This Python code synthetically generates data suitable for a Mixed ANOVA. It simulates satisfaction scores of participants with two experience levels (Novice, Experienced) across three time points (2023, 2024, 2025).

In essence, this code creates a fictional dataset where:

Participants are measured repeatedly over time.
There are two distinct groups of participants (based on experience).
The satisfaction scores are designed to show different patterns of change over time for the two experience groups, making it suitable for testing for main effects of experience and time, as well as their interaction using a Mixed ANOVA.

Validating Assumptions

Mixed ANOVA has several key assumptions that should be met for the results to be valid:

Normality: The residuals (the difference between the observed values and the values predicted by the model) are normally distributed for each combination of the levels of the between-subjects and within-subjects factors.
Homogeneity of Variances (Between-Subjects): The variances of the residuals are equal across the levels of the between-subjects factor.
Homogeneity of Covariances (Sphericity - Within-Subjects): The variances of the differences between all pairs of repeated measures are equal. If sphericity is violated, corrections like Greenhouse-Geisser or Huynh-Feldt can be applied.
Independence: Observations between different subjects are independent of each other. However, the observations within the same subject are, by design, related.

Normality

In summary, this code segment fits a Mixed ANOVA model to the data, correctly accounting for the repeated measures. Then it obtains the residuals from this model. Next it uses the Shapiro-Wilk test from pingouin to formally assess whether the distribution of these residuals significantly deviates from a normal distribution. The test results indicate whether the normality assumption is likely met or potentially violated.

We can also visualize the residuals in a histogram and QQ Plot to asses Normality. This data looks really good.

Homogeneity of Variances (Between-Subjects)

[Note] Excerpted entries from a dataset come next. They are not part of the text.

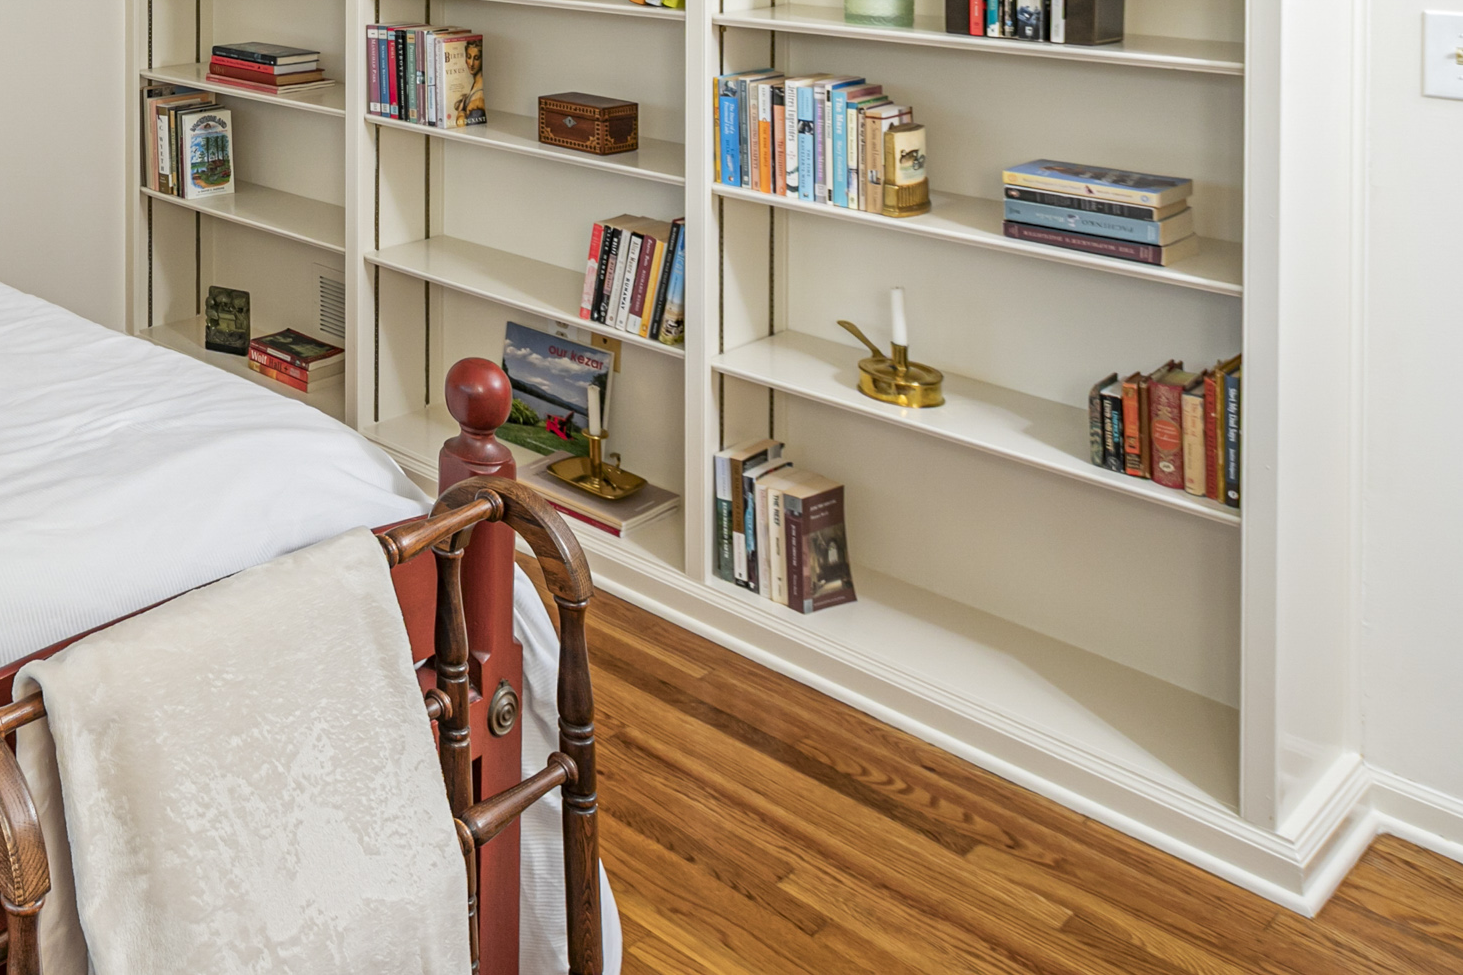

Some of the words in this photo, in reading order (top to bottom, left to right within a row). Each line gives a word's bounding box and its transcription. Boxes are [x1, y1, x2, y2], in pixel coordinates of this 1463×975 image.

[444, 52, 464, 63] BIRTH
[787, 85, 796, 108] Jeffrey
[786, 110, 796, 142] Eugenides
[1081, 219, 1134, 233] PACHINKO
[627, 257, 635, 274] Munro
[638, 270, 646, 293] RICHARD
[620, 277, 630, 310] RUNAWAY
[251, 350, 267, 364] Wolf
[269, 358, 282, 370] Hall
[548, 344, 567, 357] our
[570, 350, 604, 370] kezar
[1227, 429, 1237, 442] Says
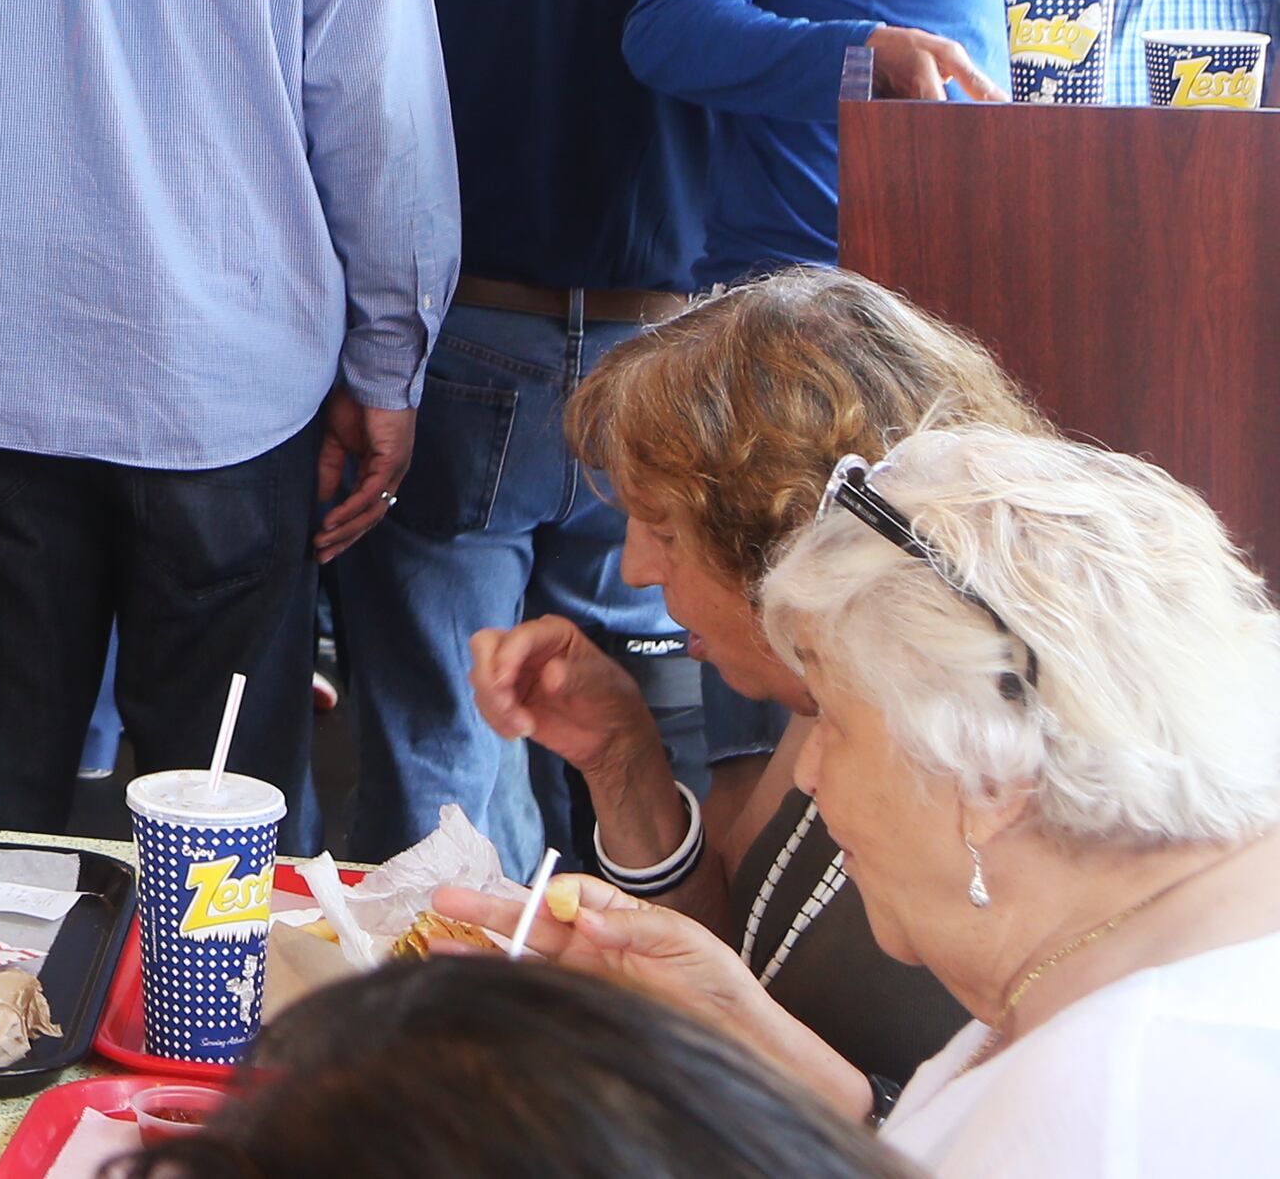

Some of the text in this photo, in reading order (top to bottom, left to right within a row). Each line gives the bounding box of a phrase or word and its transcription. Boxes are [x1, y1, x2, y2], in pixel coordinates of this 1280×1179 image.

This assumption requires that the variance of the residuals should be roughly equal across the different groups of your between-subjects factor. Levene's test is a statistical test used to assess the equality of variances for a variable calculated for two or more groups. It's less sensitive to departures from normality compared to other tests like Bartlett's test, making it a more robust choice when the normality assumption might be violated. I'm using pingouin's homoscedastistiy() function with the method set to "levene".

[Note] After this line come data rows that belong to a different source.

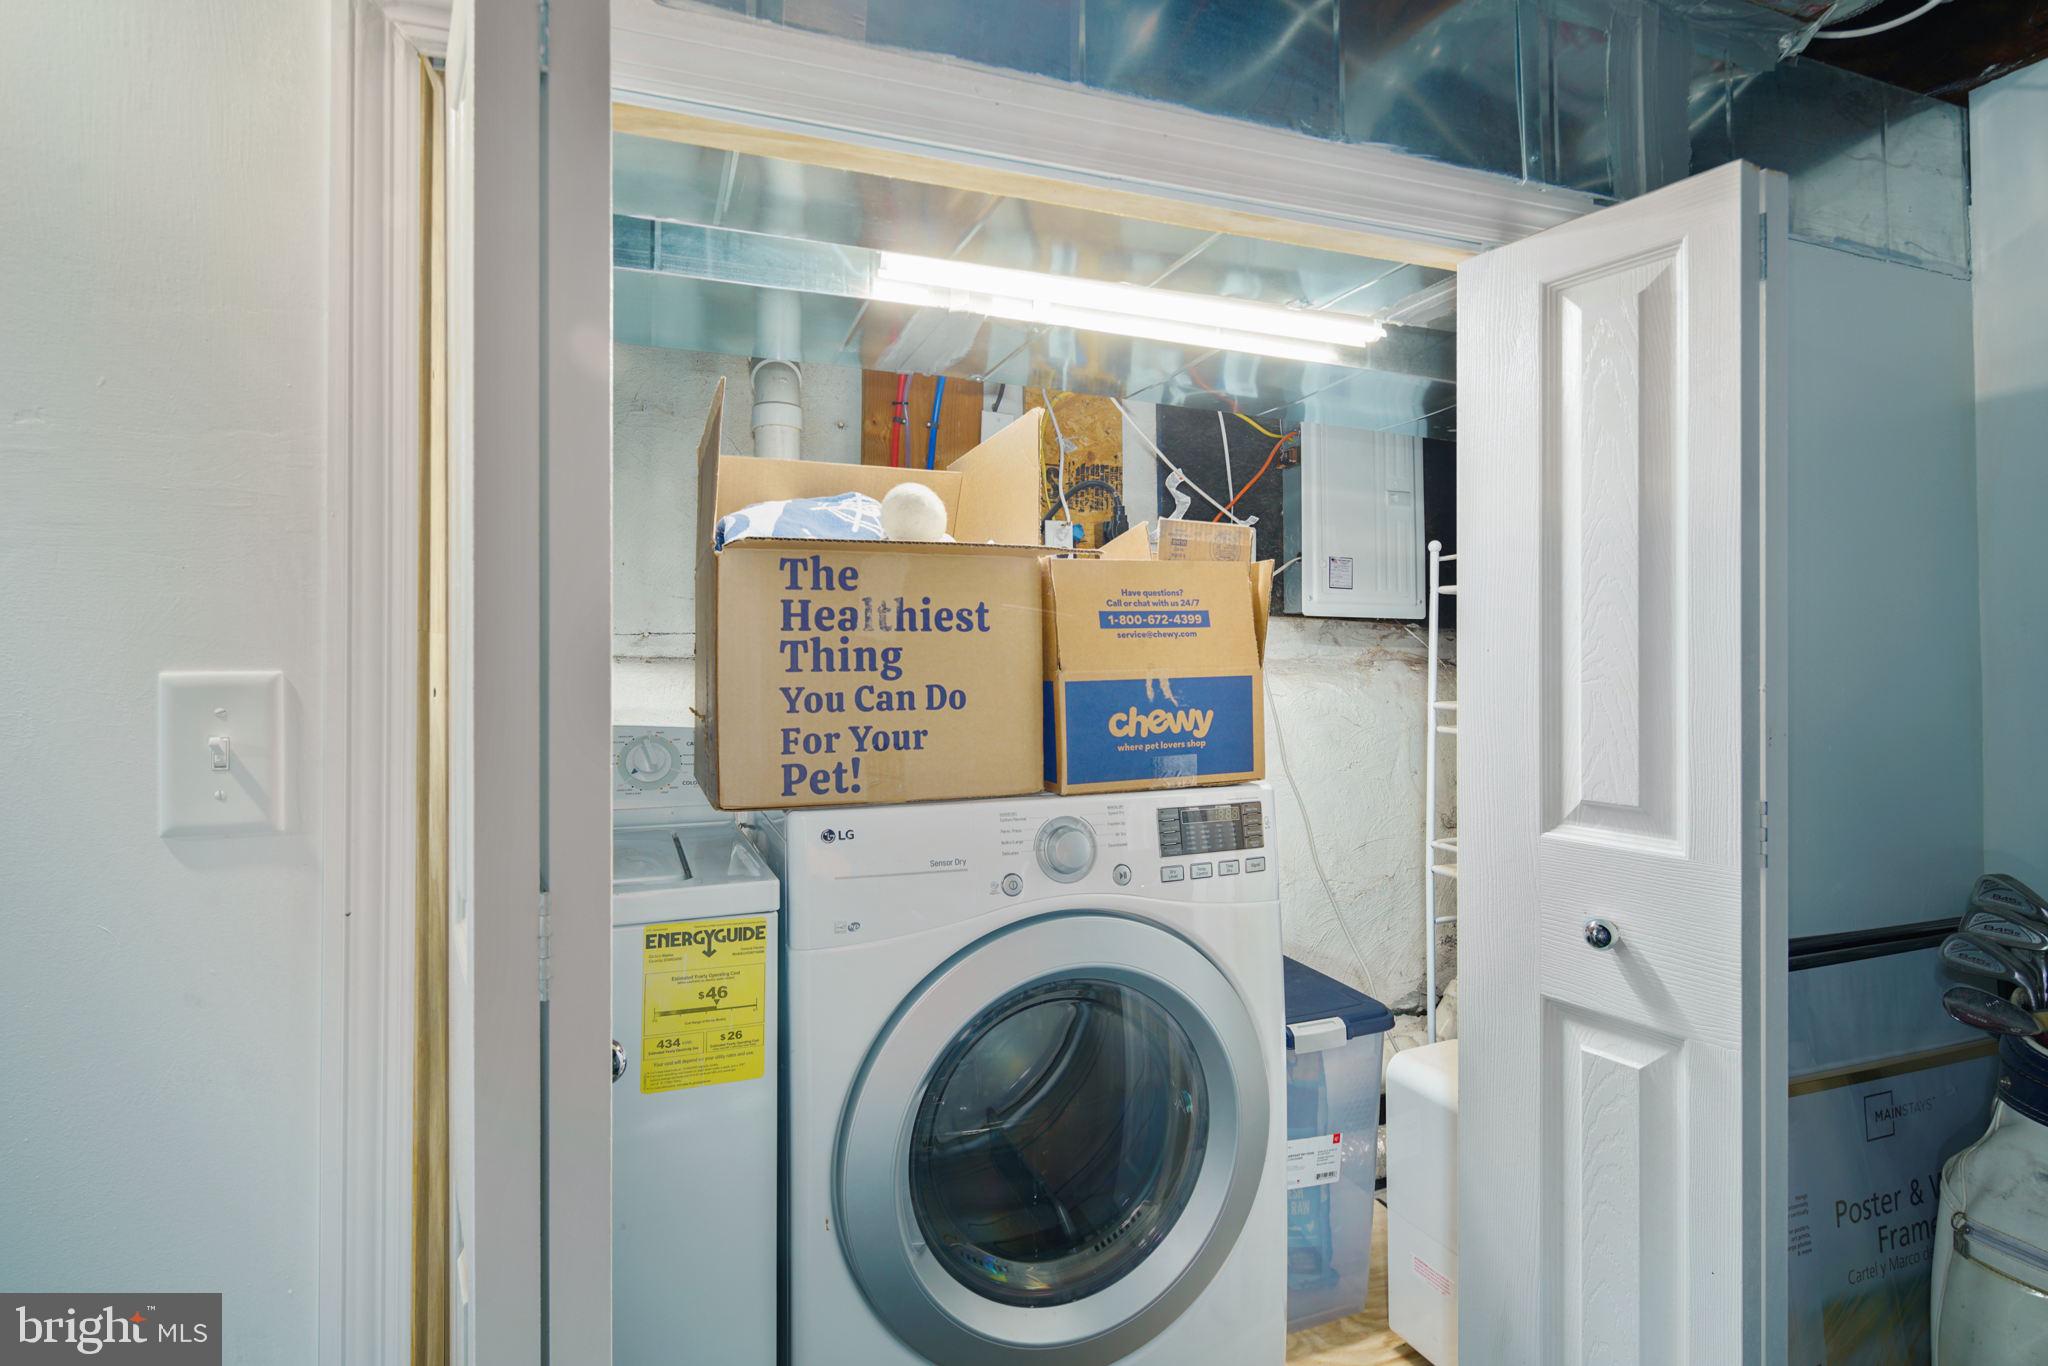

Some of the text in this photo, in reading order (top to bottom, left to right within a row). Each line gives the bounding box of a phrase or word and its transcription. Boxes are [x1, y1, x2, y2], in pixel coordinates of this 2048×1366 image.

[779, 555, 859, 591] The
[1106, 599, 1122, 607] Call
[1151, 599, 1169, 607] with
[1180, 599, 1200, 607] 24/7
[1121, 588, 1184, 598] Have questions?
[780, 596, 991, 632] Healthiest
[1107, 615, 1202, 625] 1-800-672-4399
[1117, 630, 1197, 640] service@chewy.com
[779, 636, 903, 681] Thing
[779, 684, 967, 714] You Can Do
[1108, 706, 1214, 738] chewy
[781, 725, 928, 755] For Your
[1117, 740, 1206, 752] where pet lovers shop
[781, 757, 861, 797] Pet!
[838, 829, 855, 841] LG
[929, 858, 967, 868] Sensor Dry
[645, 925, 767, 950] ENERGYGUIDE
[656, 1038, 681, 1049] 434
[1875, 1099, 1933, 1122] MAINSTAYS
[1835, 1189, 1901, 1228] Poster
[1910, 1179, 1924, 1206] &
[1848, 1259, 1878, 1285] Cartel
[1889, 1252, 1921, 1271] Marco

Homogeneity of Covariances (Sphericity - Within-Subjects)

This code snippet focuses on validating the assumption of sphericity, which is a crucial requirement for repeated measures ANOVA (and therefore the within-subjects part of a Mixed ANOVA) when there are more than two levels of the within-subjects factor (Survey_Year). Sphericity refers to the condition where the variances of the differences between all possible pairs of within-subject conditions are equal. Here, I'm using the sphereicity() function from pingouin to check this assumption.

The code first checks if the number of unique levels in the Survey_Year column (our within-subjects factor) is greater than 2. Sphericity is only a concern when there are three or more repeated measures. If there are only two levels, the assumption of sphericity is automatically met because there's only one pairwise difference.

Independence Assumption

Checking the independence assumption in a Mixed ANOVA is more about the design of your study than a statistical test you can run on the data itself. The independence assumption states that the observations should not influence each other.

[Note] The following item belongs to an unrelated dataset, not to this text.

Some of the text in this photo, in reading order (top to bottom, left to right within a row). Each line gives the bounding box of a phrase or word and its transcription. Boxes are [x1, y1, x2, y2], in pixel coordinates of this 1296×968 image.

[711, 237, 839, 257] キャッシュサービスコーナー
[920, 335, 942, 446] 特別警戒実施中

Here's how to think about and assess the independence assumption in the context of your Mixed ANOVA design:

Understanding the Data Collection Process:

Between-Subjects Factor (Experience Level): The groups in your between-subjects factor (Novice and Experienced) should be independent. This means that one participant being in the 'Novice' group should not affect whether another participant is in the 'Experienced' group, or their responses. This is typically ensured through random assignment to groups (if it's an experimental design) or by sampling distinct individuals for each group (if it's an observational design).
Within-Subjects Factor (Survey Year): The independence assumption primarily applies between participants, not within the same participant across different time points. By definition, the repeated measures from the same individual are dependent – their satisfaction scores at '2023' are likely related to their scores in '2024' and '2025'. This is why we use repeated measures ANOVA, which is designed to handle this dependency.
No Cross-Contamination: Ensure that the measurements of one participant are not influenced by the measurements or experiences of other participants. For example, if participants in different experience levels interacted and discussed the surveys, their responses might not be independent.

Mixed ANOVA (pingouin)

Here I'm using the mixed_anova() test from pingouin. It's pretty straight forward to implement. If you haven't passed your sphericity assumption then you can run the test with the correction parameter set to True. Even though our synthetic data has passed I'm using the correction here to show that the output contains informations relevant to this assumption, including the corrected p-value.

Output Table:

SS: This stands for Sum of Squares. It represents the total variability attributed to each source of variance. Larger SS values indicate more variability explained by that factor or interaction.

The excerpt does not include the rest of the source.